¿DOS HOMBRES BUENOS?

 

Fotocomposición by plazabierta.com

He visto estos días en el cine dos películas basadas en hechos reales: ‘Richard Jewell’ (de Clint Eastwood) y ‘El oficial y el espía’ (de Roman Polanski). La primera gira alrededor de los Juegos Olímpicos de Atlanta 1996 y la segunda en torno al caso Dreyfus, a finales del siglo XIX; en ambas historias, distanciadas cien años entre sí, se culpó a un inocente. En la primera de ellas, la víctima pasó, de un día para otro, de ser un héroe a ser acusado de asesinato, pero no fue a la cárcel ni se instruyó causa judicial y su buen nombre sería restituido en vida. En la segunda sí se llegó a juicio (con irregularidades serias) y la víctima -un capitán del ejército francés acusado de traidor por enviar secretos militares a Alemania- fue condenada a cadena perpetua (pasó cuatro años encarcelado en la Isla del Diablo, junto a la Guayana francesa). Por su parte, el relato de Polanski orilla la durísima batalla mediática habida entre antisemitas y semitas (los diarios ‘La Libre Parole’ y ‘Aurore’) para centrarse en las intrigas dentro del estamento militar. En esas pugnas, el coronel Georges Picquart, del contraespionaje, aparece como decisivo en la rehabilitación de Alfred Dreyfus.

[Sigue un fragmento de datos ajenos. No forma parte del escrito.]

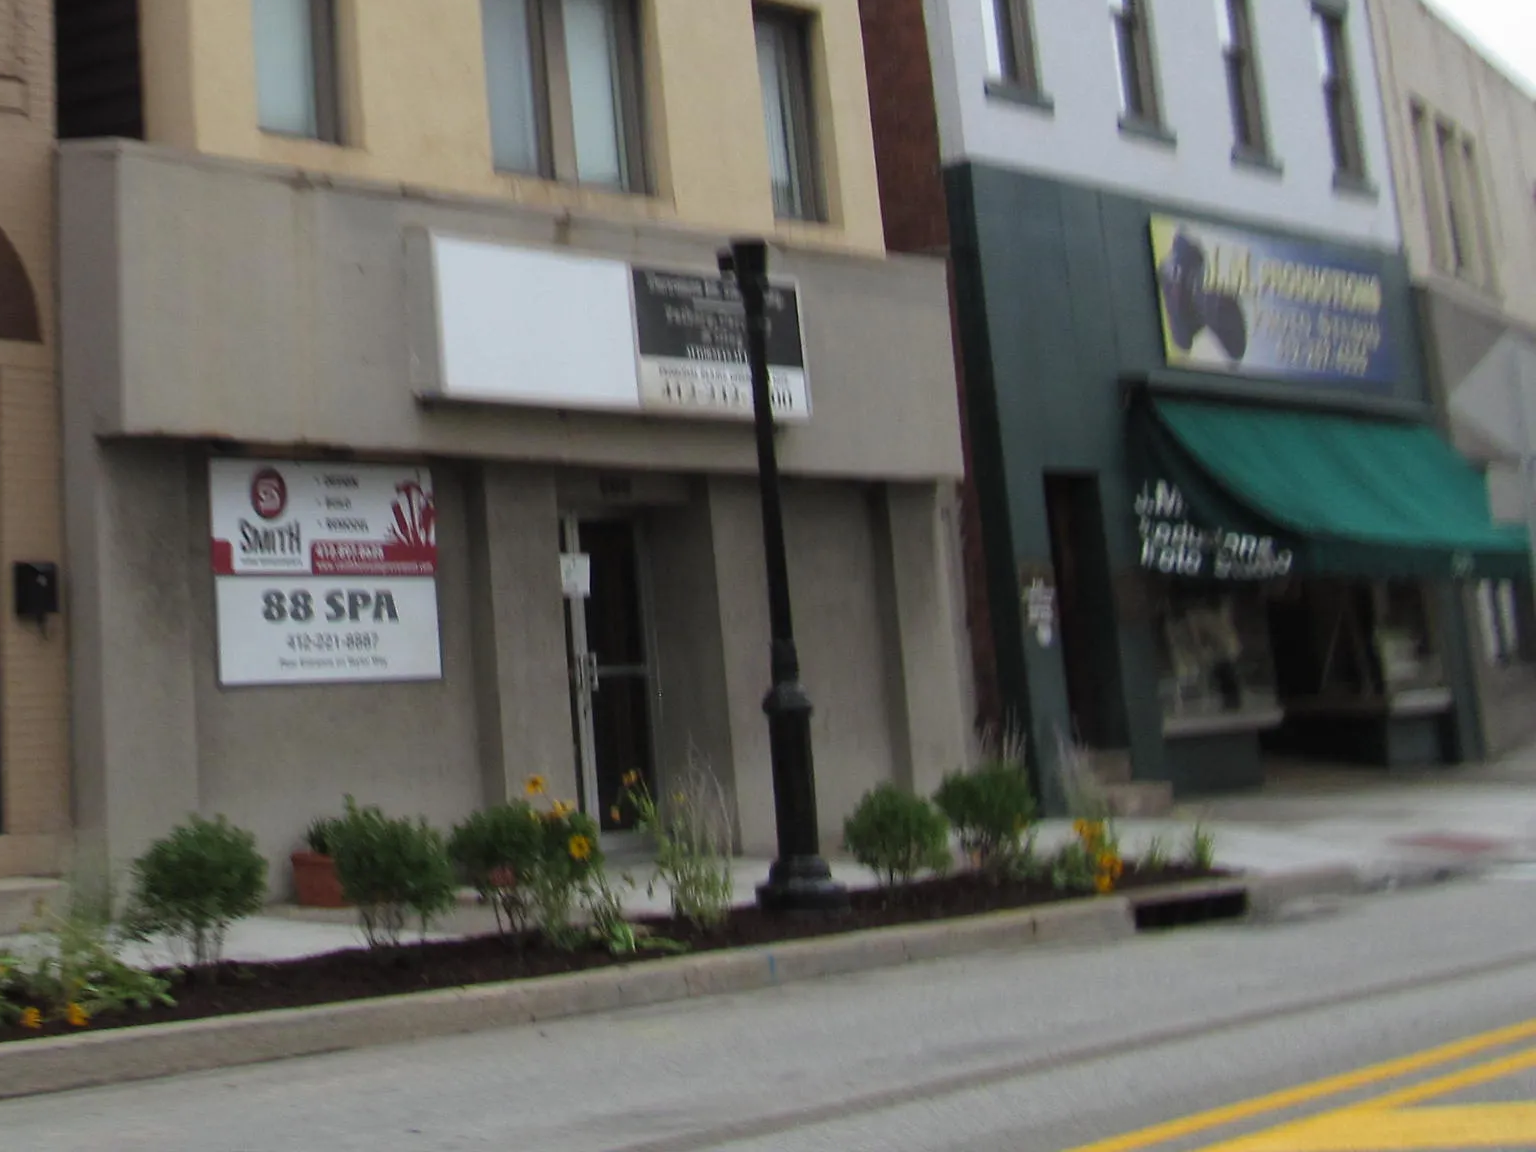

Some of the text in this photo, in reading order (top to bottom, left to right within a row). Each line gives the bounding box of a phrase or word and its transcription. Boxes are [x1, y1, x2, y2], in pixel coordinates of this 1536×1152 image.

[239, 518, 302, 557] SMITH
[261, 588, 400, 624] 88 SPA

Lejos del ruido que esos acontecimientos produjeron, me parece interesante detenerse en las figuras que en ambos casos (uno de alcance local, otro de resonancia mundial) surgieron con fuerza singular y tuvieron una influencia determinante en la suerte de sus defendidos.

Para Richard Jewell, su abogado Watson Bryant resultó providencial. Recurrió a él por ser el contratante que mejor le había tratado como vigilante de seguridad, sin humillarle por sus condiciones físicas y mentales. Watson sorprende al espectador al abandonar su aire frívolo, displicente y despreocupado para volcarse con inteligencia, paciencia y oficio en desmontar la trampa que atenaza a Richard. Una conjunción de intereses pretendió que lo que se sabía falso pasase por evidente para la opinión pública. Watson hizo suya la desdicha de su nuevo y desangelado amigo, y acertó. En cambio, a Picquart le movió un sentido estricto de la justicia (él mismo sería represaliado e iría a la cárcel), desprovisto de todo apego y cariño hacia quien había sido su alumno Dreyfus; sin ningún vínculo personal.

Impresiona, no obstante, la potencia que puede llegar a tener el arrojo humano por conseguir claridad y hacer justicia. Esta realidad hace albergar esperanza.